Der französische Präsident Emmanuel Macron
APA/AFP/Ludovic Marin
Macron

Zivilisten in Gaza „ins Visier genommen“

Nach dem für Dutzende Zivilisten tödlichen Vorfall in Gaza am Donnerstag wächst der Druck auf Israels Führung von allen Seiten. Die Berichte und Bilder, die eine Massenpanik um einen Hilfskonvoi zeigten, bei der offenbar Schüsse fielen, lösten Empörung auf der ganzen Welt aus und sorgten für Rufe nach Aufklärung. Besonders scharfe Kritik kam von Frankreichs Präsident Emmanuel Macron: Das israelische Militär habe Zivilisten „ins Visier genommen“.

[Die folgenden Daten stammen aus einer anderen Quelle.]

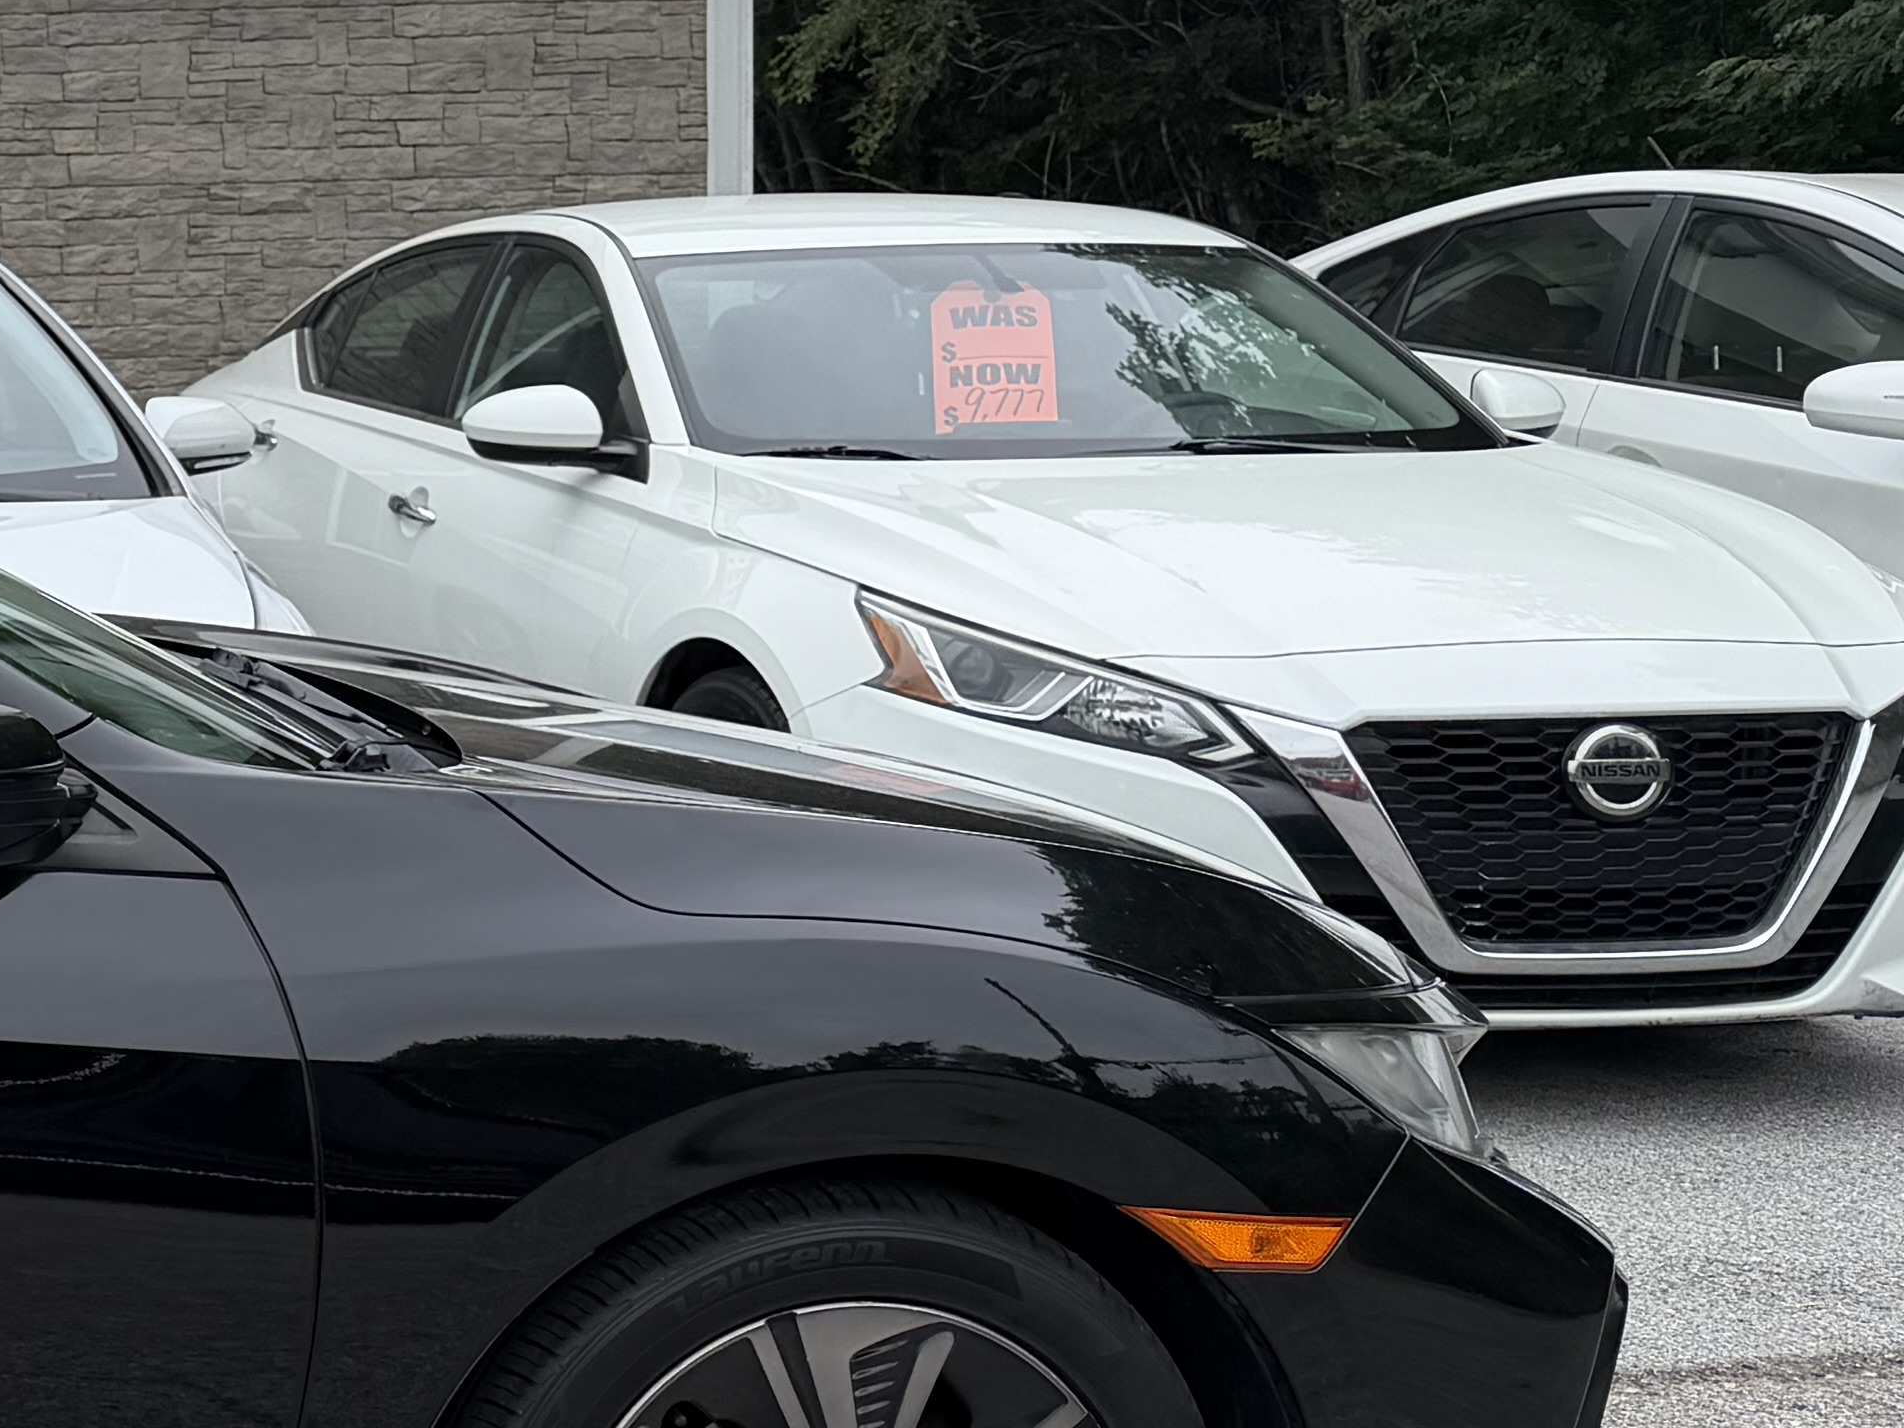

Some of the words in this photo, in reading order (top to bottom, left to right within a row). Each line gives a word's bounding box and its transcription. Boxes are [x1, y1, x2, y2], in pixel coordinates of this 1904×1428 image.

[949, 304, 1038, 330] WAS
[949, 362, 1042, 389] NOW
[1580, 763, 1661, 777] NISSAN

Noch ist nicht geklärt, was genau am Donnerstag in Gaza-Stadt geschah. Nach Angaben der israelischen Armee war es zu einem „Gedränge“ gekommen, als sich Tausende Menschen um einen Konvoi von 30 Lkws mit Hilfsgütern versammelten. Dabei habe es Dutzende Tote und Verletzte gegeben, von denen einige von Lastwagen überfahren worden seien.

Ein Vertreter der israelischen Armee räumte eine „begrenzte“ Zahl von Schüssen durch israelische Soldaten ein, die sich „bedroht“ gefühlt hätten. Der israelische Armeesprecher Daniel Hagari sagte: „Es gab keinen Angriff des israelischen Militärs auf den Hilfskonvoi.“ Fest steht, dass viele Palästinenser starben. Das von der Hamas kontrollierte Gesundheitsministerium sprach von über 100 Toten und mehreren hundert Verletzten.

Macron: „Verlange Wahrheit“

Die Weltgesundheitsorganisation (WHO) machte am Freitag die katastrophale Versorgungslage verantwortlich. Die Menschen seien so verzweifelt auf der Suche nach Nahrung, dass sie ihr Leben riskierten, sagte WHO-Sprecher Christian Lindmeier.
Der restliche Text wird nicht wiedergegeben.